[Task]:
Could you retype the entries below exactly, omitting every picture?

[Dataset excerpts]:
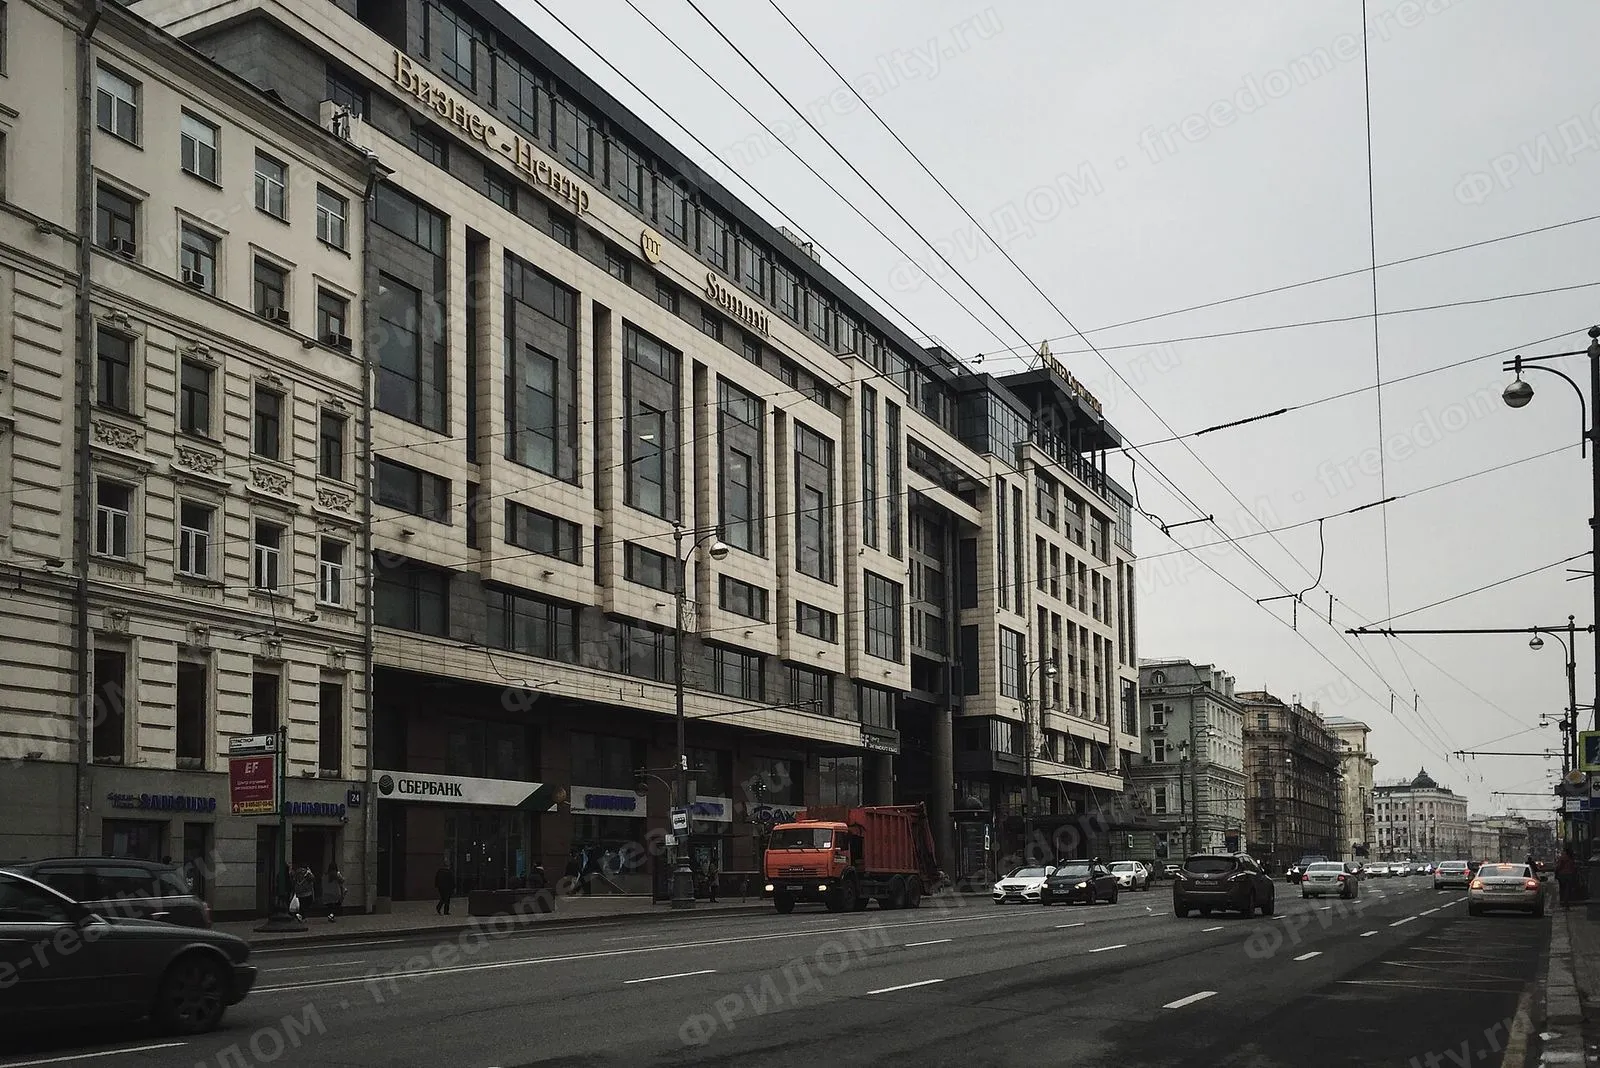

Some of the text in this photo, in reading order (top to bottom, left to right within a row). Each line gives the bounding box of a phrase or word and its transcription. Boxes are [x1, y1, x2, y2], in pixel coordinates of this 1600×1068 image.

[705, 272, 770, 338] Summit
[244, 761, 259, 774] EF
[398, 779, 463, 797] СБЕРБАНК
[351, 793, 360, 803] 24
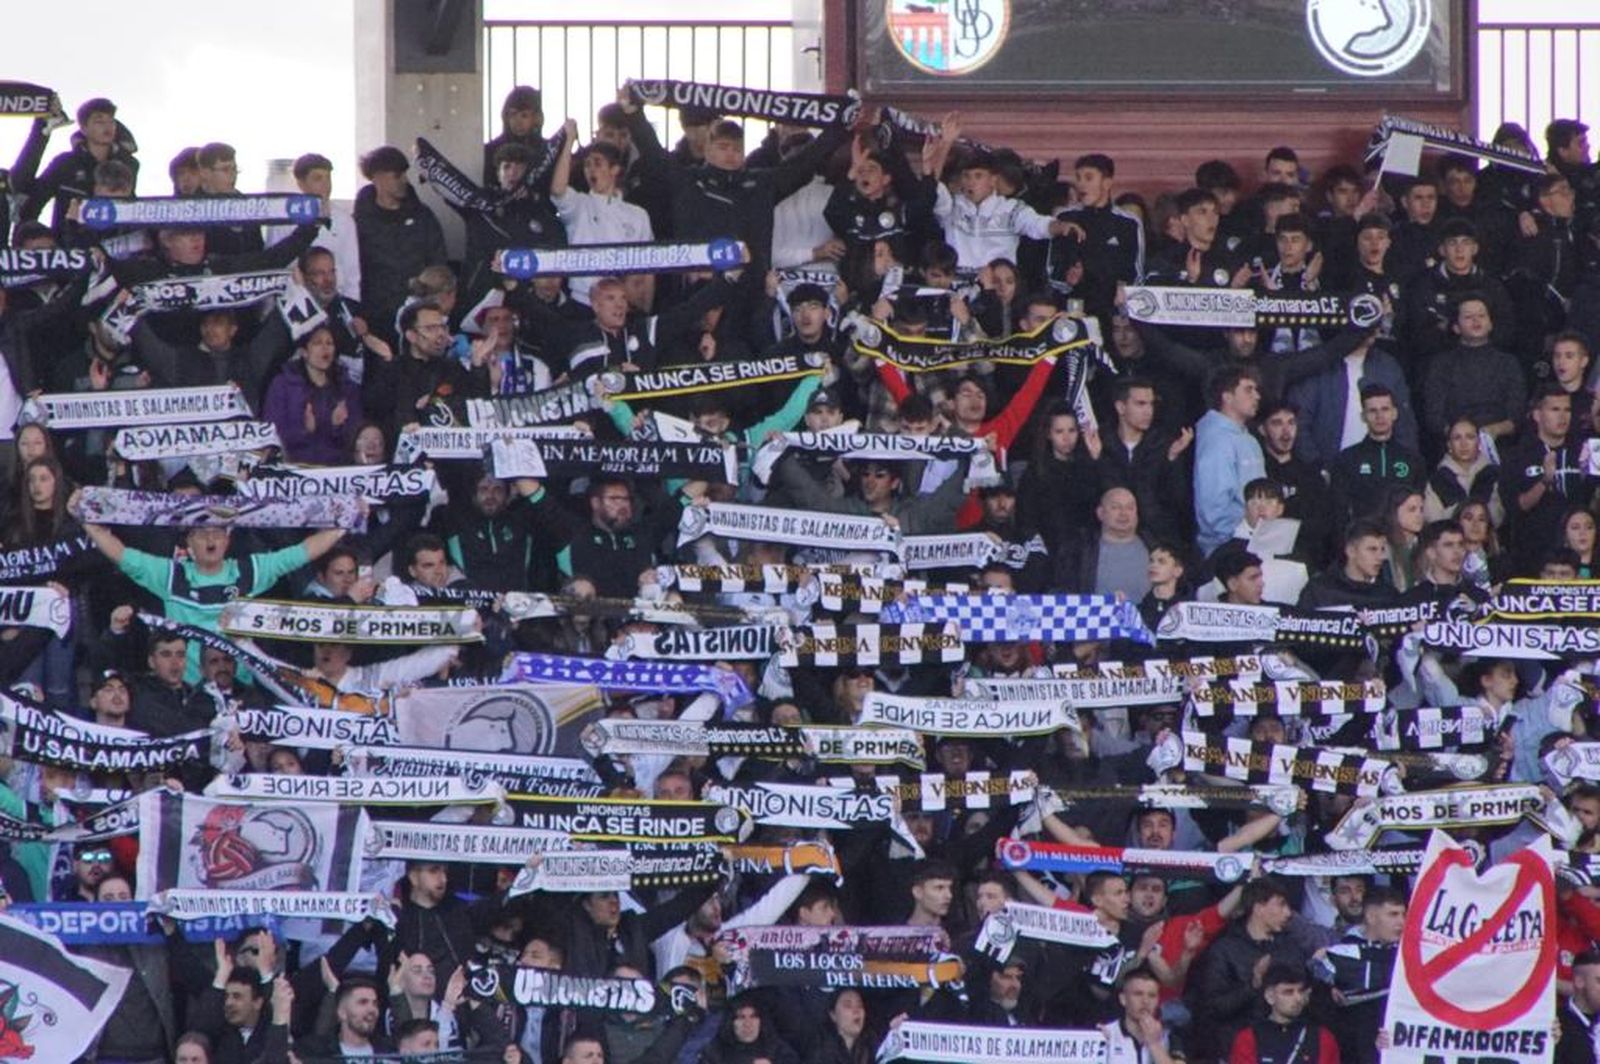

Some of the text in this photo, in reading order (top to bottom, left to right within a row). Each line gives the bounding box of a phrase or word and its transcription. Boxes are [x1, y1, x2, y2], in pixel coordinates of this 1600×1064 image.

[673, 82, 839, 122] UNIONISTAS
[1162, 292, 1232, 312] UNIONISTAS
[1250, 297, 1320, 314] Salamanca
[635, 355, 798, 391] NUNCA SE RINDE
[55, 401, 122, 421] UNIONISTAS
[124, 400, 140, 416] DE
[142, 396, 209, 416] SALAMANCA
[543, 444, 724, 465] IN MEMORIAM VDS
[252, 470, 423, 498] UNIONISTAS
[711, 510, 778, 531] UNIONISTAS
[782, 517, 796, 532] DE
[800, 519, 870, 539] SALAMANCA
[904, 541, 971, 560] SALAMANCA
[1530, 585, 1600, 597] UNIONISTAS
[1559, 595, 1589, 612] SE
[332, 618, 358, 635] DE
[1187, 606, 1256, 627] UNIONISTAS
[1273, 615, 1341, 634] Salamanca
[1424, 624, 1600, 651] UNIONISTAS
[1000, 683, 1068, 700] UNIONISTAS
[1071, 682, 1088, 698] DE
[1090, 678, 1158, 698] SALAMANCA
[612, 722, 683, 742] UNIONISTAS
[700, 727, 767, 743] Salamanca
[819, 739, 843, 753] DE
[576, 804, 651, 817] UNIONISTAS
[1434, 803, 1459, 819] DE
[606, 816, 636, 835] SE
[639, 816, 706, 836] RINDE
[393, 832, 459, 851] UNIONISTAS
[463, 834, 478, 851] DE
[481, 836, 548, 854] SALAMANCA
[545, 855, 609, 876] UNIONISTAS
[625, 854, 692, 874] Salamanca
[1051, 851, 1124, 866] MEMORIAL
[180, 895, 249, 914] UNIONISTAS
[252, 897, 268, 913] DE
[270, 896, 341, 914] SALAMANCA
[1459, 902, 1544, 944] GETA
[773, 953, 864, 970] LOS LOCOS
[513, 967, 657, 1014] UNIONISTAS
[826, 972, 919, 989] DEL REINA
[911, 1030, 1098, 1058] UNIONISTAS DE SALAMANCA CF
[1393, 1021, 1549, 1056] DIFAMADORES

[Problem solution]:
Some of the text in this photo, in reading order (top to bottom, left to right within a row). Each line gives the bounding box of a phrase or word and its transcription. Boxes are [x1, y1, x2, y2], in pixel coordinates of this 1600×1068 image.

[705, 272, 770, 338] Summit
[244, 761, 259, 774] EF
[398, 779, 463, 797] СБЕРБАНК
[351, 793, 360, 803] 24

Some of the text in this photo, in reading order (top to bottom, left to right within a row). Each line gives the bounding box of a phrase or word and its transcription. Boxes are [x1, y1, x2, y2], in pixel coordinates of this 1600×1064 image.

[673, 82, 839, 122] UNIONISTAS
[1162, 292, 1232, 312] UNIONISTAS
[1250, 297, 1320, 314] Salamanca
[635, 355, 798, 391] NUNCA SE RINDE
[55, 401, 122, 421] UNIONISTAS
[124, 400, 140, 416] DE
[142, 396, 209, 416] SALAMANCA
[543, 444, 724, 465] IN MEMORIAM VDS
[252, 470, 423, 498] UNIONISTAS
[711, 510, 778, 531] UNIONISTAS
[782, 517, 796, 532] DE
[800, 519, 870, 539] SALAMANCA
[904, 541, 971, 560] SALAMANCA
[1530, 585, 1600, 597] UNIONISTAS
[1559, 595, 1589, 612] SE
[332, 618, 358, 635] DE
[1187, 606, 1256, 627] UNIONISTAS
[1273, 615, 1341, 634] Salamanca
[1424, 624, 1600, 651] UNIONISTAS
[1000, 683, 1068, 700] UNIONISTAS
[1071, 682, 1088, 698] DE
[1090, 678, 1158, 698] SALAMANCA
[612, 722, 683, 742] UNIONISTAS
[700, 727, 767, 743] Salamanca
[819, 739, 843, 753] DE
[576, 804, 651, 817] UNIONISTAS
[1434, 803, 1459, 819] DE
[606, 816, 636, 835] SE
[639, 816, 706, 836] RINDE
[393, 832, 459, 851] UNIONISTAS
[463, 834, 478, 851] DE
[481, 836, 548, 854] SALAMANCA
[545, 855, 609, 876] UNIONISTAS
[625, 854, 692, 874] Salamanca
[1051, 851, 1124, 866] MEMORIAL
[180, 895, 249, 914] UNIONISTAS
[252, 897, 268, 913] DE
[270, 896, 341, 914] SALAMANCA
[1459, 902, 1544, 944] GETA
[773, 953, 864, 970] LOS LOCOS
[513, 967, 657, 1014] UNIONISTAS
[826, 972, 919, 989] DEL REINA
[911, 1030, 1098, 1058] UNIONISTAS DE SALAMANCA CF
[1393, 1021, 1549, 1056] DIFAMADORES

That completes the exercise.